BREAK up the banks!” goes up the rallying cry. It’s not coming from the mob, however, but from various pockets across Parliament. For those wanting to appear tough on banks, it has become almost obligatory: you’ll only be taken seriously if you push for the nuclear option.
With banks as unpopular as they are, this is apparently good politics (though I don’t hear people in the pubs calling for it). But that doesn’t mean it is good policy. In fact, it is quite the opposite. Almost all the arguments used to justify breaking up the banks are readily refutable.
First, it is often said that universal banks – combining wholesale and retail banking arms – are inherently less stable.
But the financial crisis affected banks of all sizes and business models, and there is no evidence to suggest that smaller or monoline banks are intrinsically safer. Indeed, the International Monetary Fund has warned of the risks posed by small institutions in Germany, Spain and the US, as they do not benefit from the diversified revenue streams of banks with a universal business model.

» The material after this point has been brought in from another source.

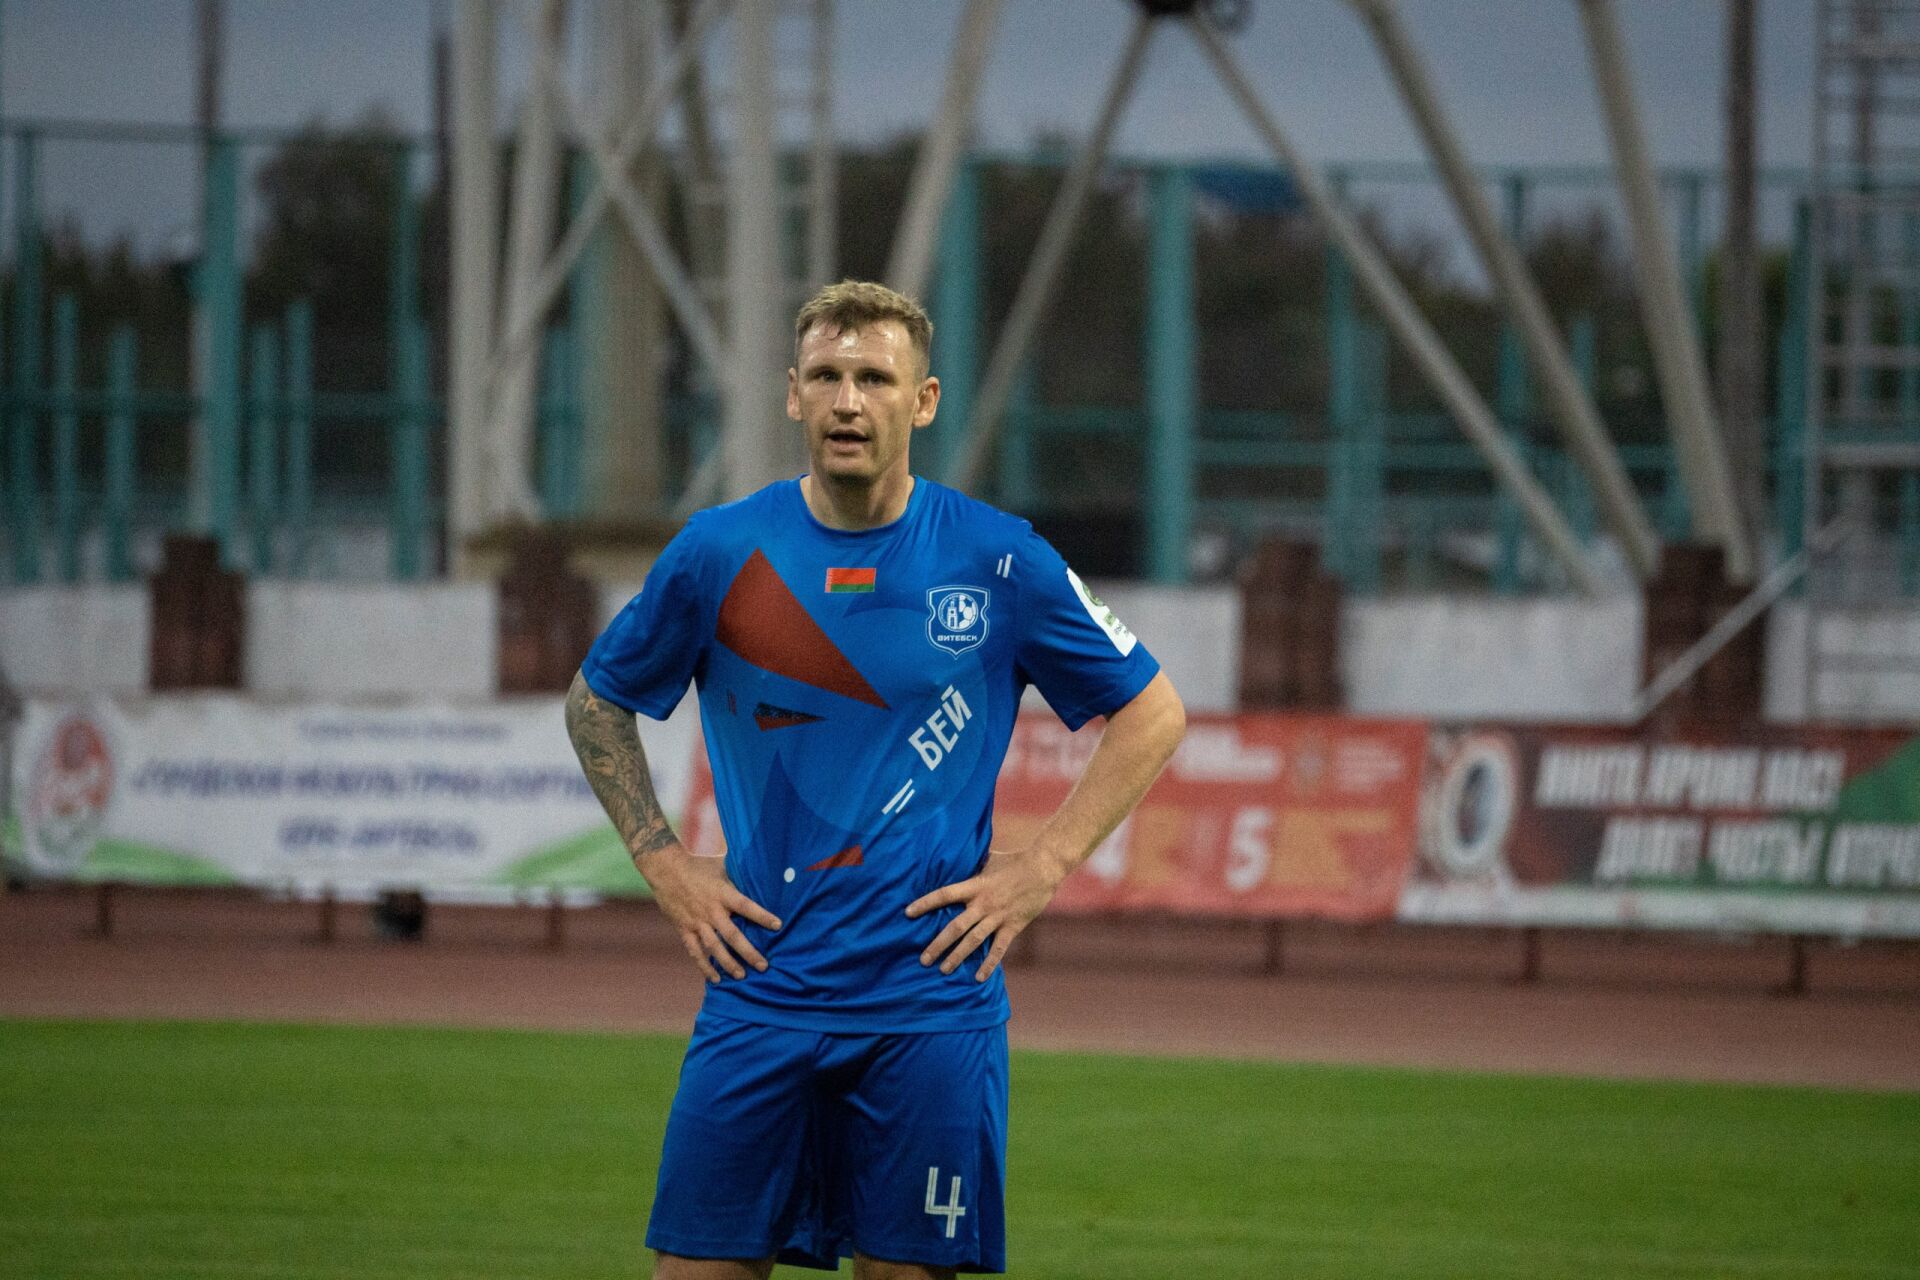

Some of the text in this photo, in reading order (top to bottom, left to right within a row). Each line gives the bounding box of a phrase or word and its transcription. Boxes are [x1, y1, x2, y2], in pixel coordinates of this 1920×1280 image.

It is secondly argued that, in universal banks, the swashbuckling culture of investment banking infects the retail side, leading to miss-selling to ordinary customers – such as the payment protection insurance and interest rate swaps scandals. There is no excuse for miss-selling, of course. But it is clearly not confined to banks with wholesale arms (or even to banks in general). Pure retail outfits of almost all structures (and almost all sectors) have also been found guilty. Whatever the root cause of miss-selling, it can’t be having a wholesale bank in the group.
What breaking up the banks would do, however, is make it more difficult for the banking sector to serve large complex clients, such as major corporations, therefore making it far more difficult for banks to promote economic growth.
Many governments around the world – from the UK to the US to France have considered forcing their banks to break up. They have all come to the same conclusion: it doesn’t make sense.
The UK’s Vickers Commission, and the EU’s Liikanen group both examined the case for breaking up the banks, and rejected it (preferring ring-fencing instead). The government is now legislating for Vickers ringfencing. But even before that has come into effect, there are calls to go further.
If the UK did go down that route, we would be the only country in the world that responded to the financial crisis by forcing the separation of wholesale and retail banking. That’s an extraordinary step for a country that wants to remain host to the world’s leading financial centre.
Anthony Browne is chief executive of the British Bankers’ Association.